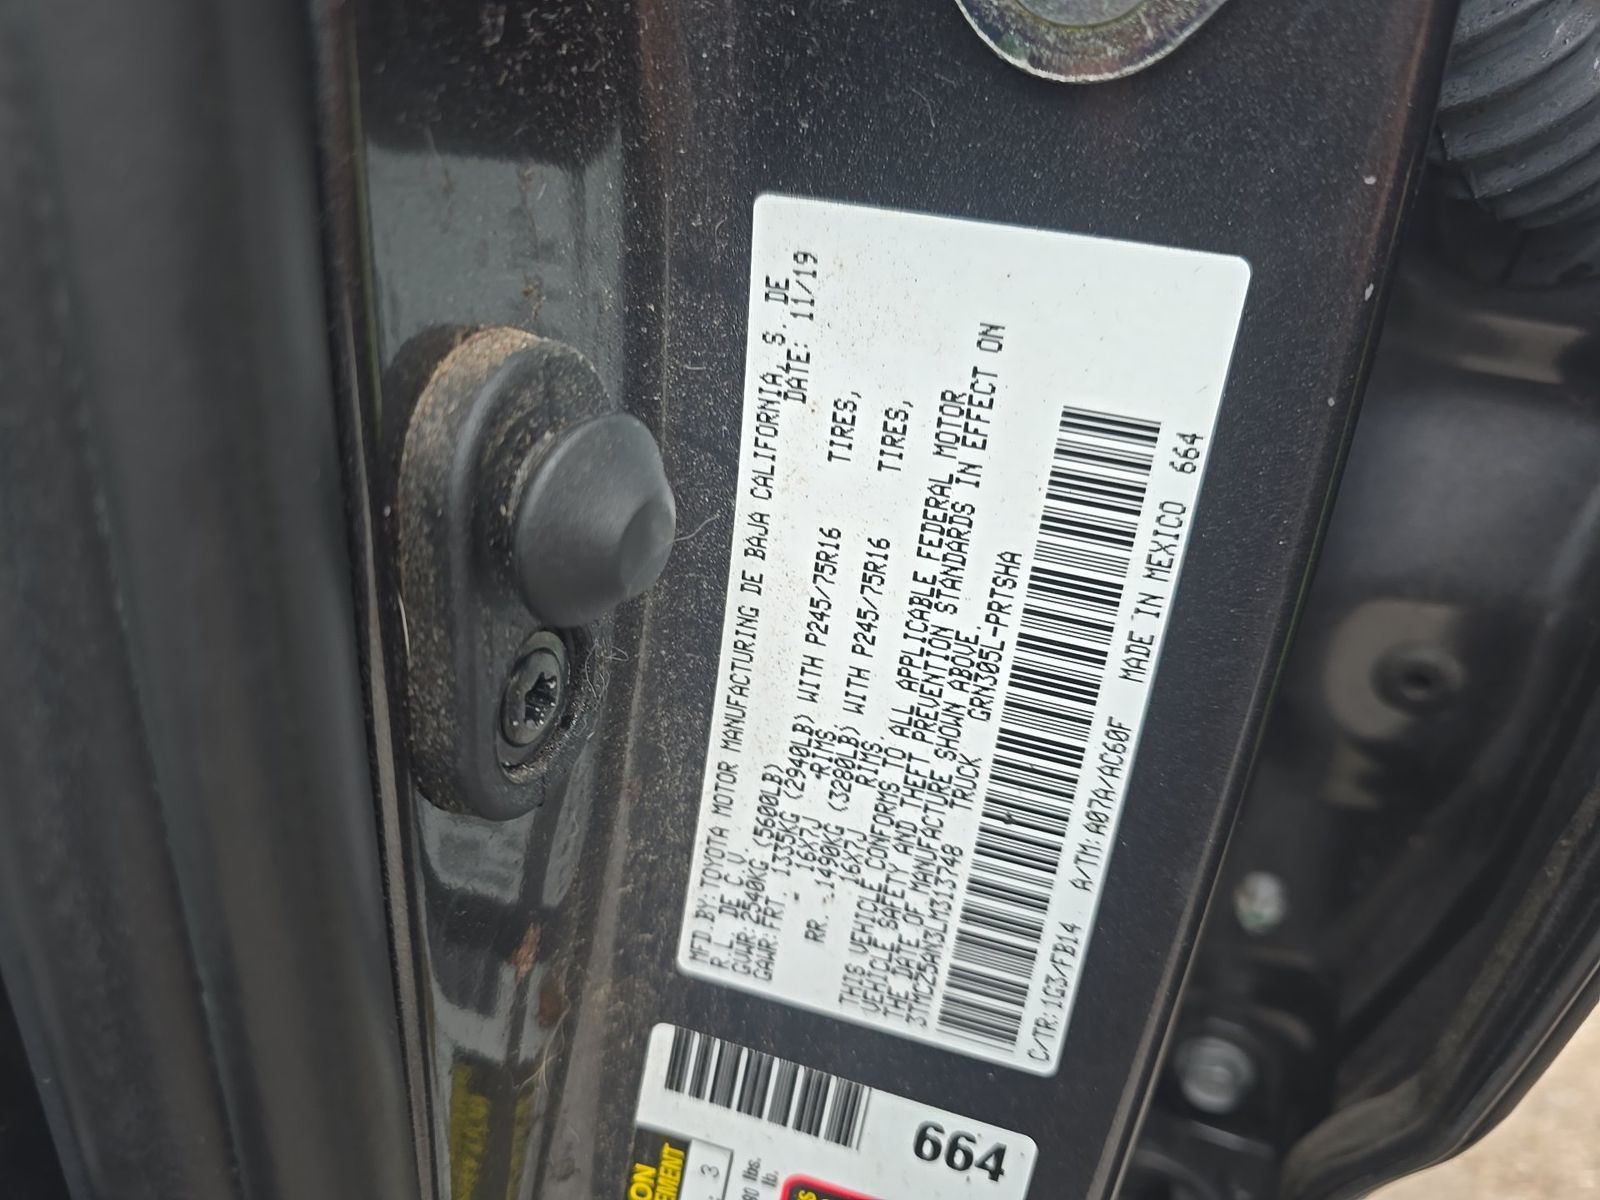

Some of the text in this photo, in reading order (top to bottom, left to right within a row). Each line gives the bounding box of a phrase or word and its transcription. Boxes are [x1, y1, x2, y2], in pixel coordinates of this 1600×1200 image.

[763, 273, 790, 305] DE
[782, 248, 818, 404] DATE: 11/19
[761, 319, 787, 346] S.
[749, 361, 786, 501] CALIFORNIA,
[827, 387, 862, 465] TIRES,
[1166, 428, 1205, 476] 664
[742, 509, 770, 561] BAJA
[1141, 497, 1188, 583] MEXICO
[739, 568, 763, 595] DE
[804, 524, 842, 646] P245/75R16
[1132, 590, 1165, 619] IN
[719, 603, 759, 753] MANUFACTURING
[796, 653, 824, 704] WITH
[804, 396, 914, 944] RR. 1490KG (3280LB) WITH P245/75R16 TIRES,
[860, 321, 1006, 1015] VEHICLE SAFETY AND THEFT PREVENTION STANDARDS IN EFFECT ON
[1117, 628, 1155, 683] MADE
[837, 387, 968, 1008] THIS VEHICLE CONFORMS TO ALL APPLICABLE FEDERAL MOTOR
[711, 758, 739, 818] MOTOR
[782, 711, 816, 801] (2940LB)
[794, 719, 839, 873] 16X7J RIMS.
[905, 548, 1023, 1028] 3TMCZ5AN3LM313748 TRUCK GRN305L-PRTSHA
[751, 761, 785, 849] (5600LB)
[770, 809, 800, 877] 1335KG
[838, 730, 885, 885] 16X7J RIMS.
[882, 620, 982, 1021] THE DATE OF MANUFACTURE SHOWN ABOVE.
[709, 842, 749, 971] R.L. DE C.V.
[700, 1163, 720, 1179] 3
[741, 1157, 762, 1182] lbs.
[760, 1170, 779, 1188] lb.
[913, 1120, 1009, 1183] 664
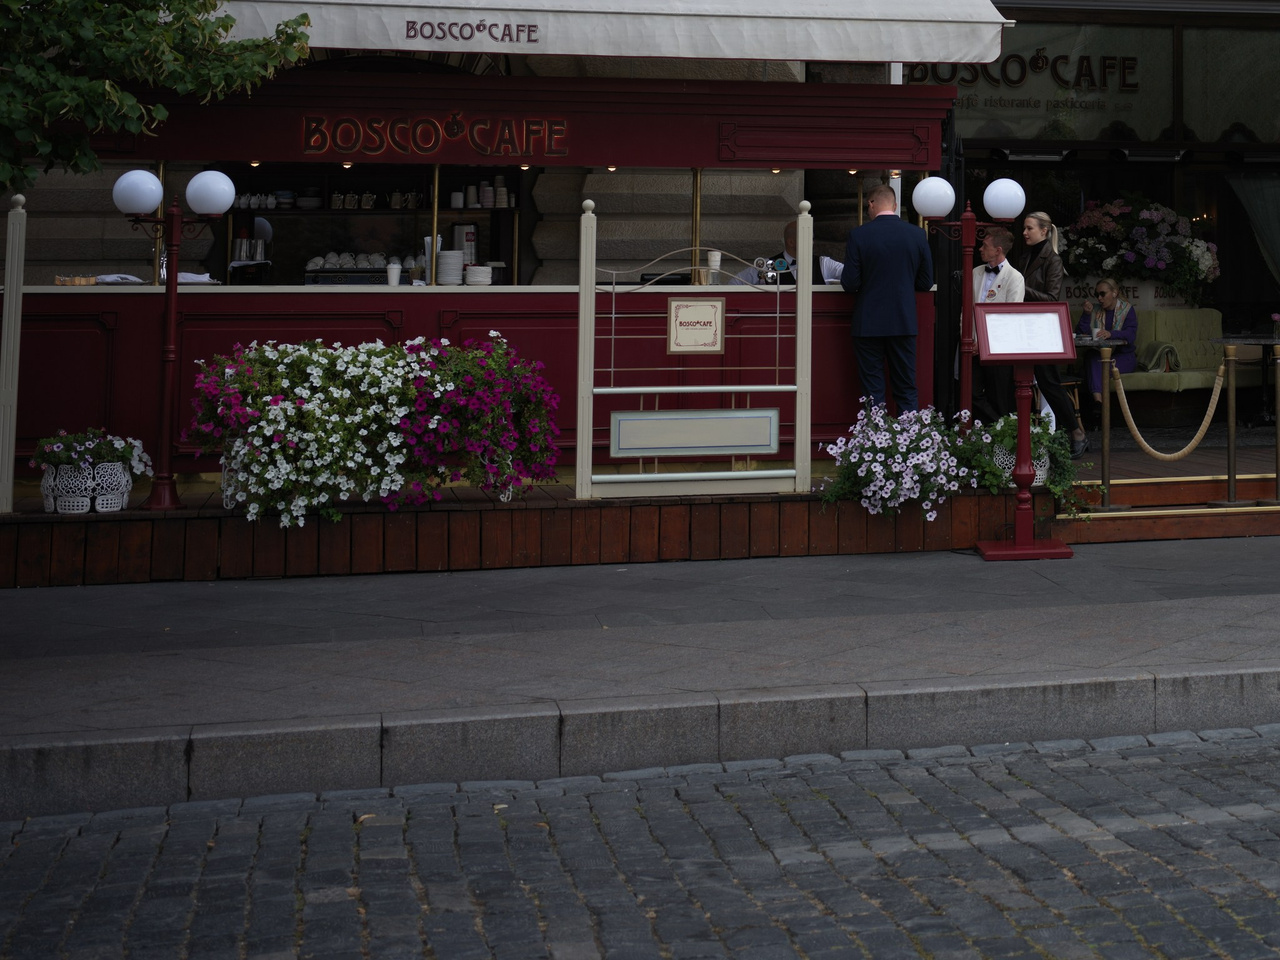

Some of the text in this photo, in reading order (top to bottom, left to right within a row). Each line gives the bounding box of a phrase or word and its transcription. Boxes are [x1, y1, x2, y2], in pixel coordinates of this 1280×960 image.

[405, 20, 540, 43] BOSCO CAFE
[1050, 54, 1140, 91] CAFE
[984, 95, 1041, 109] ristorante
[1046, 96, 1107, 112] pasticceria
[303, 116, 569, 157] BOSCO CAFE

> [WHAT IS BEING ASKED] The pictures in the entries should be left out; output everything else exactly.

> [ANSWER TO THIS EXERCISE]
Some of the text in this photo, in reading order (top to bottom, left to right within a row). Each line gives the bounding box of a phrase or word and its transcription. Boxes are [x1, y1, x2, y2], in pixel coordinates of this 1600×1200 image.

[763, 273, 790, 305] DE
[782, 248, 818, 404] DATE: 11/19
[761, 319, 787, 346] S.
[749, 361, 786, 501] CALIFORNIA,
[827, 387, 862, 465] TIRES,
[1166, 428, 1205, 476] 664
[742, 509, 770, 561] BAJA
[1141, 497, 1188, 583] MEXICO
[739, 568, 763, 595] DE
[804, 524, 842, 646] P245/75R16
[1132, 590, 1165, 619] IN
[719, 603, 759, 753] MANUFACTURING
[796, 653, 824, 704] WITH
[804, 396, 914, 944] RR. 1490KG (3280LB) WITH P245/75R16 TIRES,
[860, 321, 1006, 1015] VEHICLE SAFETY AND THEFT PREVENTION STANDARDS IN EFFECT ON
[1117, 628, 1155, 683] MADE
[837, 387, 968, 1008] THIS VEHICLE CONFORMS TO ALL APPLICABLE FEDERAL MOTOR
[711, 758, 739, 818] MOTOR
[782, 711, 816, 801] (2940LB)
[794, 719, 839, 873] 16X7J RIMS.
[905, 548, 1023, 1028] 3TMCZ5AN3LM313748 TRUCK GRN305L-PRTSHA
[751, 761, 785, 849] (5600LB)
[770, 809, 800, 877] 1335KG
[838, 730, 885, 885] 16X7J RIMS.
[882, 620, 982, 1021] THE DATE OF MANUFACTURE SHOWN ABOVE.
[709, 842, 749, 971] R.L. DE C.V.
[700, 1163, 720, 1179] 3
[741, 1157, 762, 1182] lbs.
[760, 1170, 779, 1188] lb.
[913, 1120, 1009, 1183] 664

Some of the text in this photo, in reading order (top to bottom, left to right within a row). Each line gives the bounding box of a phrase or word and its transcription. Boxes are [x1, y1, x2, y2], in pixel coordinates of this 1280×960 image.

[405, 20, 540, 43] BOSCO CAFE
[1050, 54, 1140, 91] CAFE
[984, 95, 1041, 109] ristorante
[1046, 96, 1107, 112] pasticceria
[303, 116, 569, 157] BOSCO CAFE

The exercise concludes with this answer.